At the core of SHERLOCK’s success is a CRISPR-associated protein called Cas13, which can be programmed to bind to a specific piece of RNA. Cas13’s target can be any genetic sequence, including viral genomes, genes that confer antibiotic resistance in bacteria, or mutations that cause cancer. In certain circumstances, once Cas13 locates and cuts its specified target, the enzyme goes into overdrive, indiscriminately cutting other RNA nearby. To create SHERLOCK, the team harnessed this “off-target” activity and turned it to their advantage, engineering the system to be compatible with both DNA and RNA.
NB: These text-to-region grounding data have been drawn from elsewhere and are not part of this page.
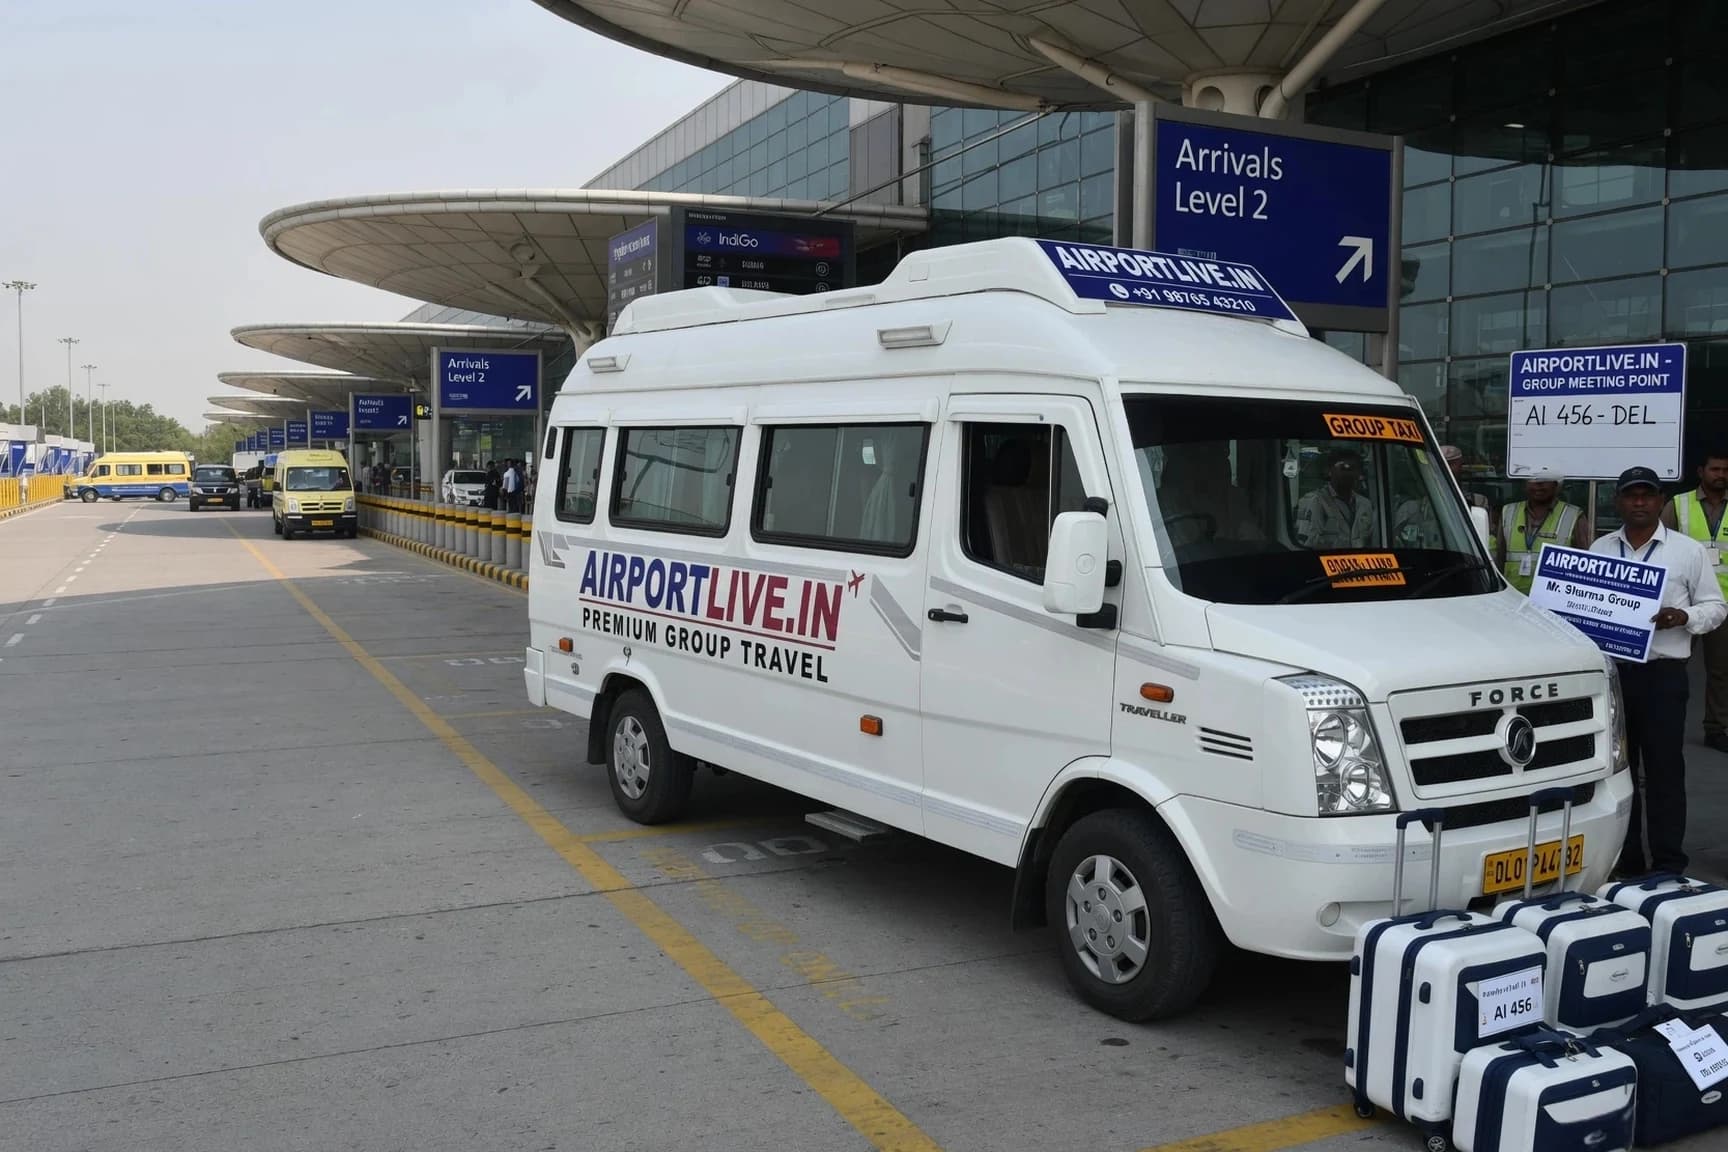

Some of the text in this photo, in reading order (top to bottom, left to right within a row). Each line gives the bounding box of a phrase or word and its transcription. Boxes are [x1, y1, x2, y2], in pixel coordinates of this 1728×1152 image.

[1175, 137, 1284, 181] Arrivals
[1175, 181, 1268, 220] Level 2
[1055, 245, 1265, 292] AIRPORTLIVE.IN
[1132, 286, 1257, 313] +91 98765 43210
[447, 357, 490, 371] Arrivals
[1520, 352, 1660, 374] AIRPORTLIVE.IN
[448, 371, 485, 383] Level 2
[1522, 373, 1670, 391] GROUP MEETING POINT
[1525, 404, 1546, 426] AI
[1557, 404, 1593, 426] 456
[1611, 404, 1656, 425] DEL
[1330, 417, 1421, 440] GROUP TAXI
[1545, 550, 1660, 588] AIRPORTLIVE.IN
[579, 549, 843, 642] AIRPORTLIVE.IN
[1546, 581, 1561, 594] Mr.
[1608, 592, 1642, 611] Group
[582, 607, 829, 683] PREMIUM GROUP TRAVEL
[1468, 682, 1559, 708] FORCE
[1119, 702, 1187, 725] TRAVELLER
[1494, 997, 1532, 1021] AI 456
SHERLOCK’s diagnostic potential relies on additional strands of synthetic RNA that are used to create a signal after being cleaved. Cas13 will chop up this RNA after it hits its original target, releasing the signaling molecule, which results in a readout that indicates the presence or absence of the target.

Multiple targets and increased sensitivity

The SHERLOCK platform can now be adapted to test for multiple targets. SHERLOCK initially could only detect one nucleic acid sequence at a time, but now one analysis can give fluorescent signals for up to four different targets at once — meaning less sample is required to run through diagnostic panels. For example, the new version of SHERLOCK can determine in a single reaction whether a sample contains Zika or dengue virus particles, which both cause similar symptoms in patients. The platform uses Cas13 and Cas12a (previously known as Cpf1) enzymes from different species of bacteria to generate the additional signals.

SHERLOCK’s second iteration also uses an additional CRISPR-associated enzyme to amplify its detection signal, making the tool more sensitive than its predecessor. “With the original SHERLOCK, we were detecting a single molecule in a microliter, but now we can achieve 100-fold greater sensitivity,” explained co-first author Omar Abudayyeh, an MIT graduate student in Zhang’s lab at Broad. “That’s especially important for applications like detecting cell-free tumor DNA in blood samples, where the concentration of your target might be extremely low. This next generation of features help make SHERLOCK a more precise system.”

The authors have made their reagents available to the academic community through Addgene and their software tools can be accessed via the Zhang lab website and GitHub.

This study was supported in part by the National Institutes of Health and the Defense Threat Reduction Agency.